# WORK ORDER:
In the data that follows, find the line containing "this 1440×992 image."; then quote that line and every line after it, exactly, through the last one.

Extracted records
%%

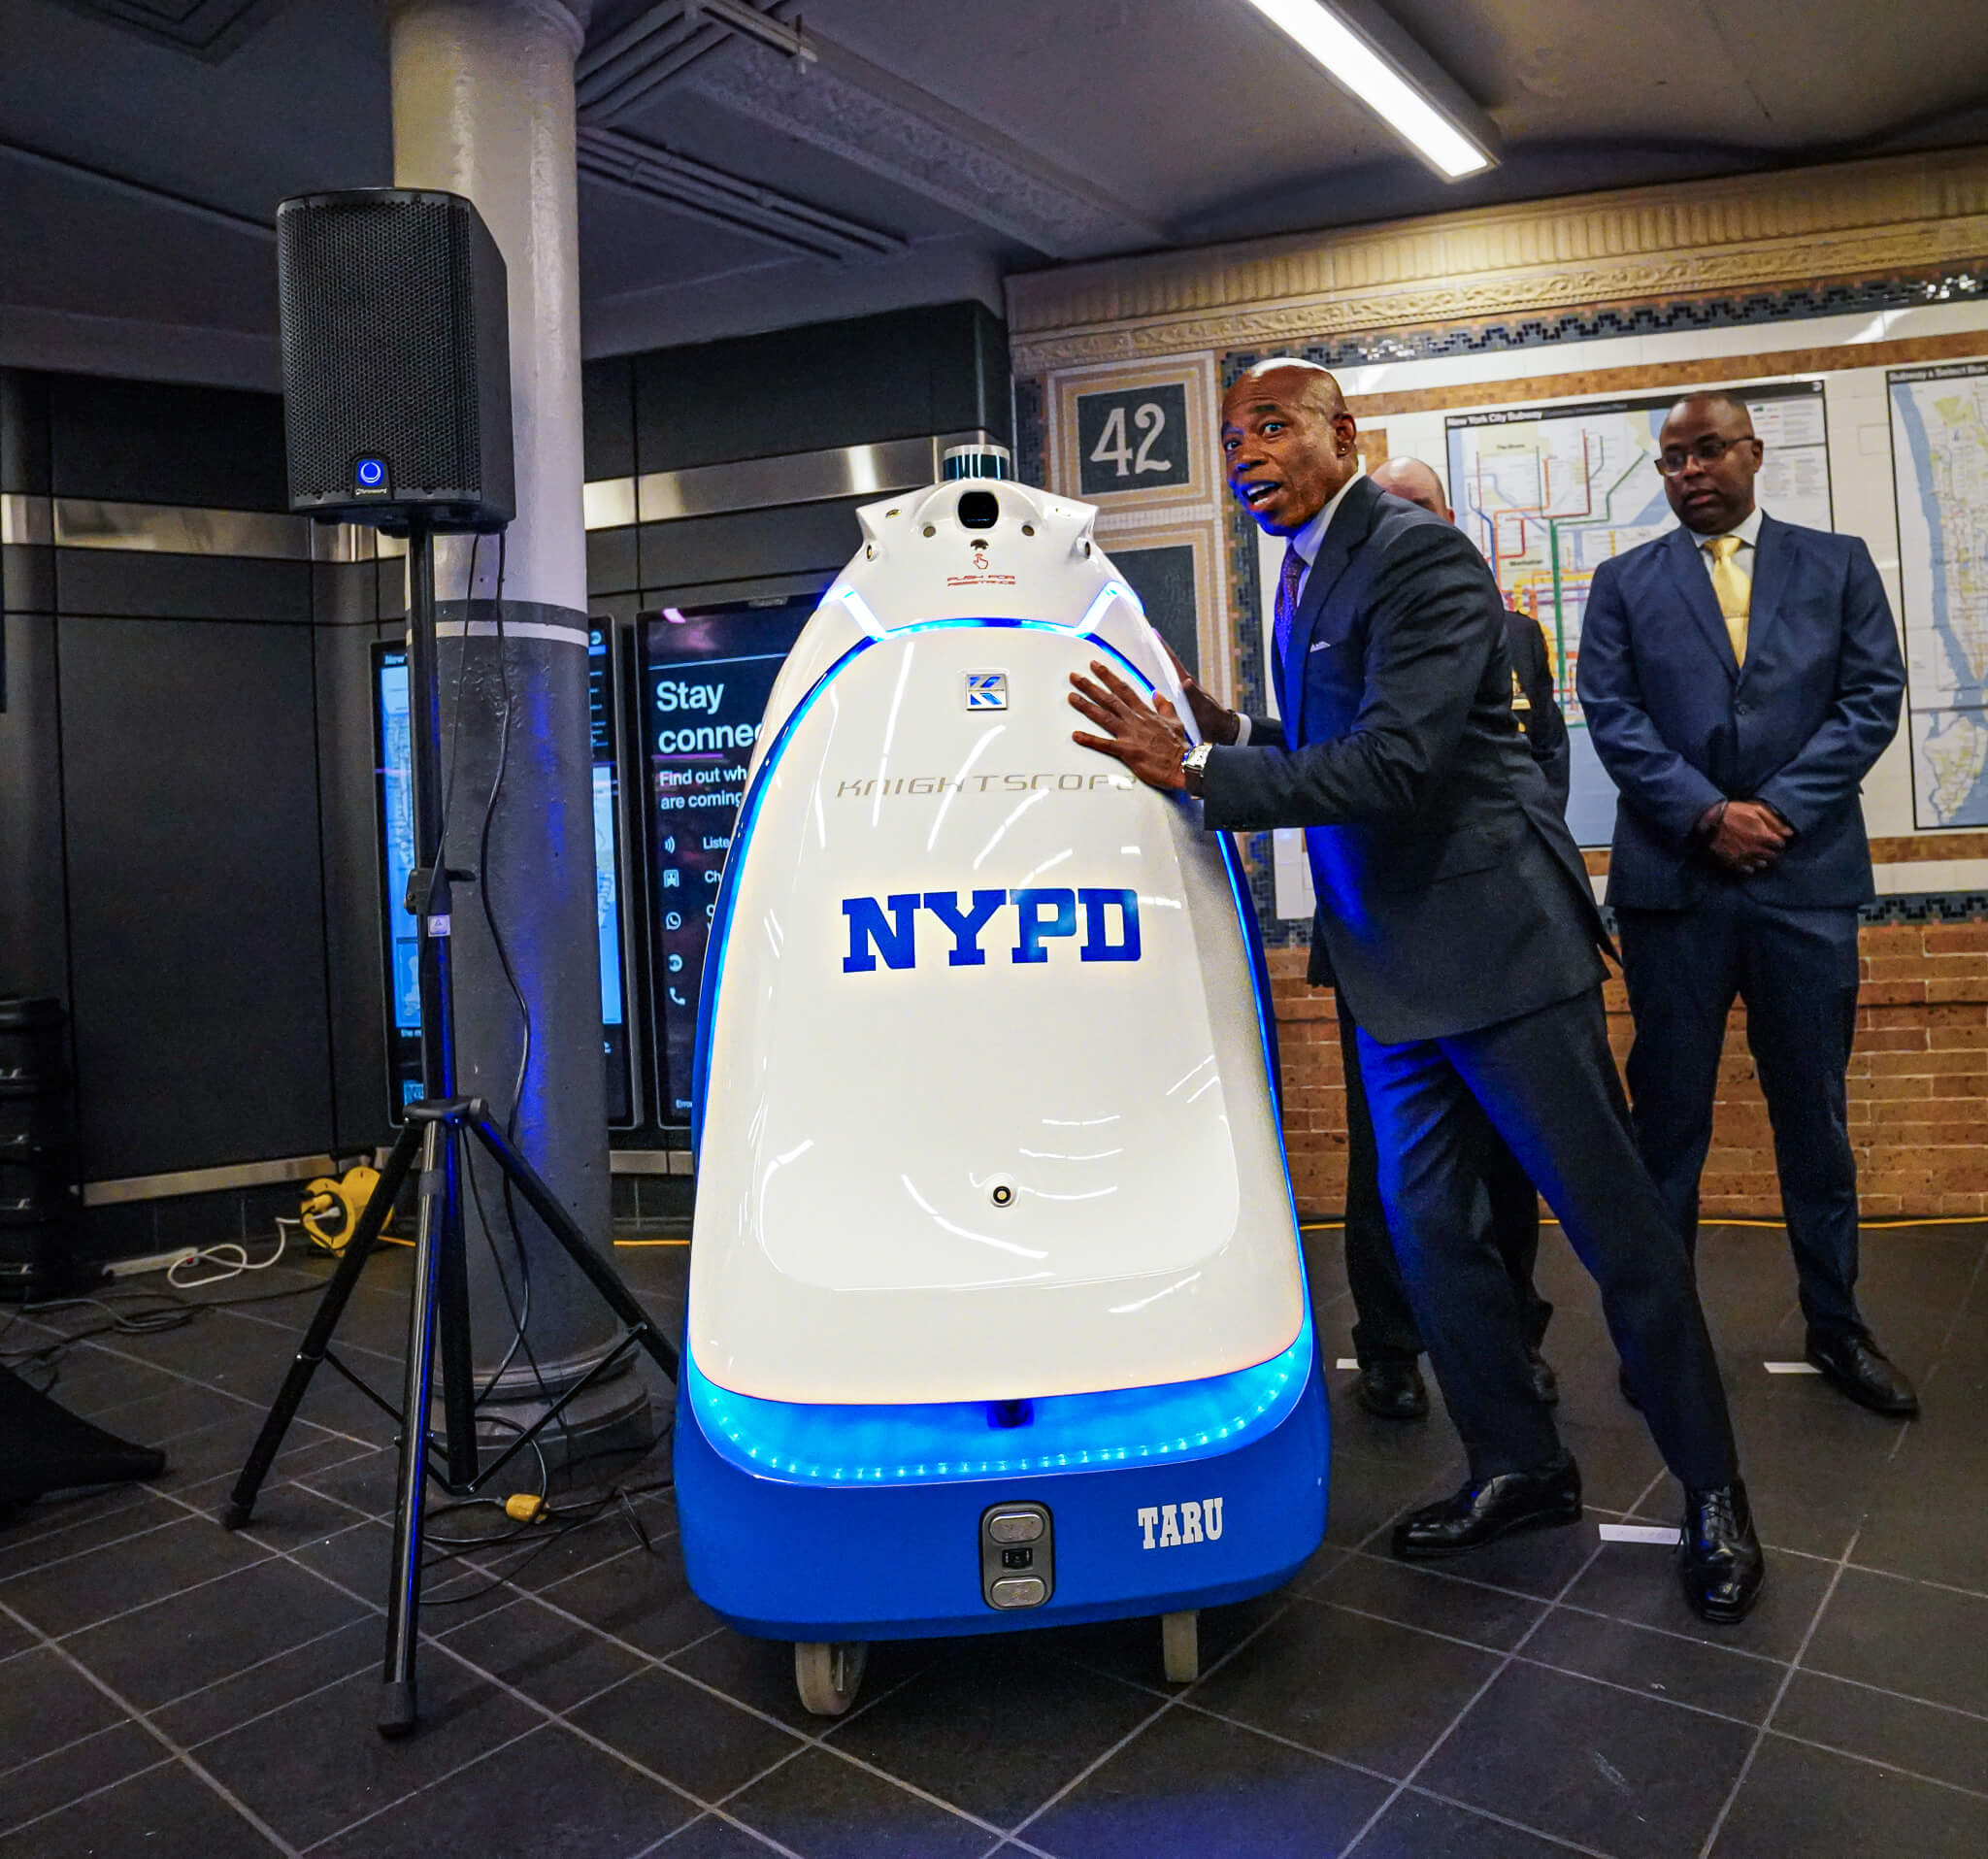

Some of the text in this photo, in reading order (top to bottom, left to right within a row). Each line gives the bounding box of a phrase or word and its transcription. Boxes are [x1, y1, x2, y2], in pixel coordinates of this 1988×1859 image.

[1089, 402, 1173, 477] 42
[656, 681, 725, 715] Stay
[660, 769, 692, 787] Find
[695, 767, 721, 784] out
[660, 796, 685, 811] are
[842, 887, 1142, 974] NYPD
[1138, 1497, 1223, 1550] TARU
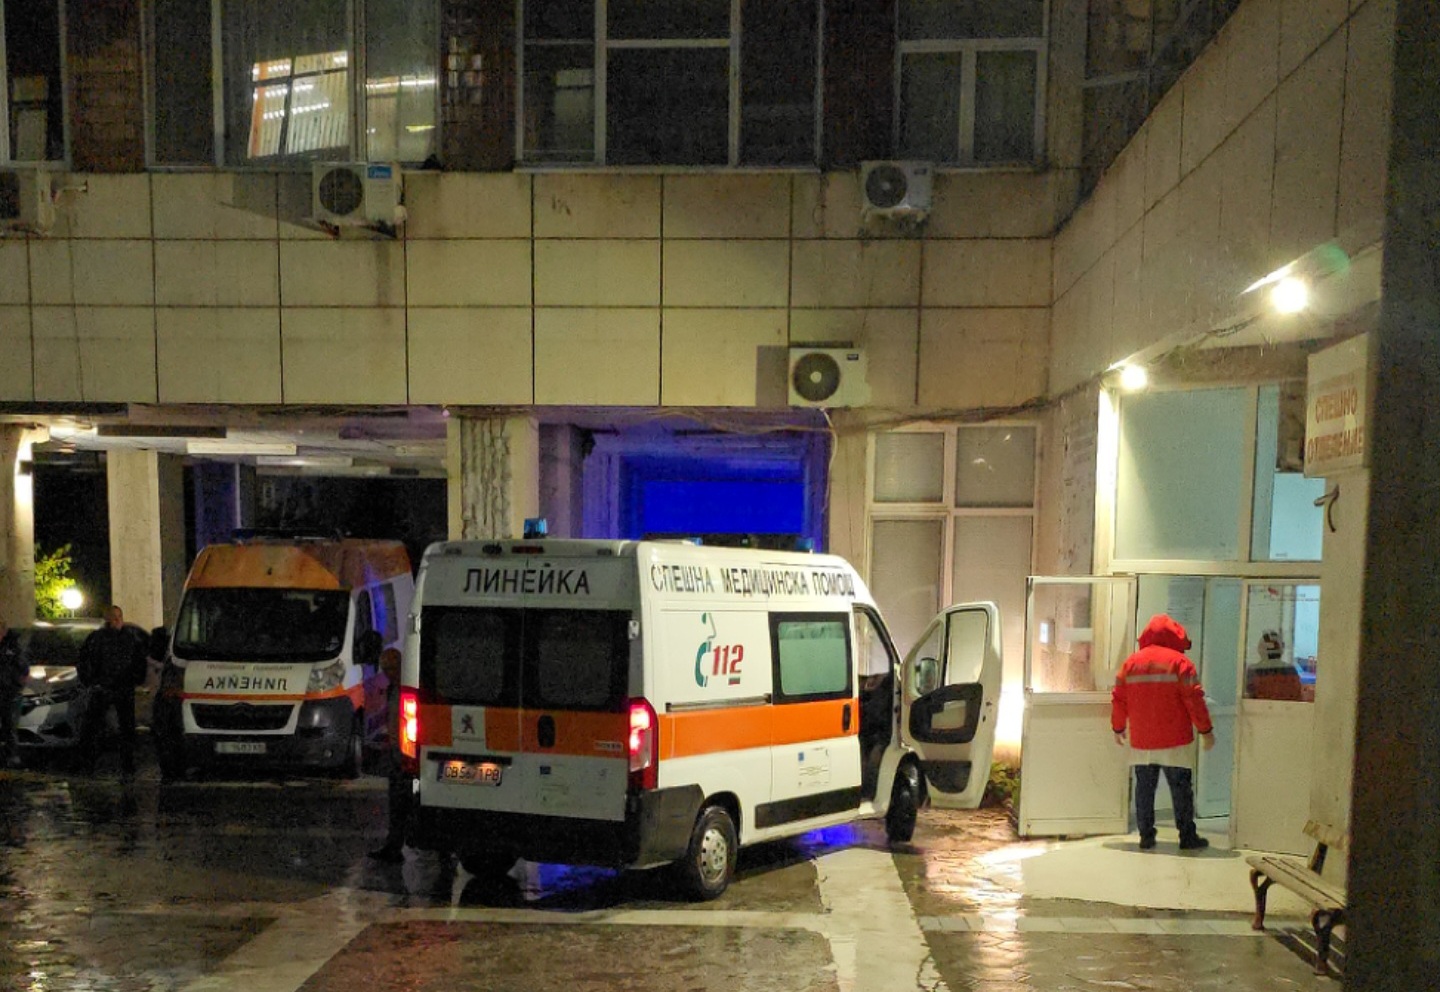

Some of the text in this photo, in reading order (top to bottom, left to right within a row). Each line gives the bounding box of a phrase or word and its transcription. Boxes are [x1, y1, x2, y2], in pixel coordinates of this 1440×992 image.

[463, 562, 590, 595] ЛИНЕЙКА
[650, 564, 856, 599] СПЕШНА МЕДИЦИНСКА ПОМОЩ
[711, 644, 745, 676] 112

%%

# SOLUTION:
Some of the text in this photo, in reading order (top to bottom, left to right within a row). Each line gives the bounding box of a phrase or word and its transcription. Boxes are [x1, y1, x2, y2], in pixel coordinates of this 1440×992 image.

[463, 562, 590, 595] ЛИНЕЙКА
[650, 564, 856, 599] СПЕШНА МЕДИЦИНСКА ПОМОЩ
[711, 644, 745, 676] 112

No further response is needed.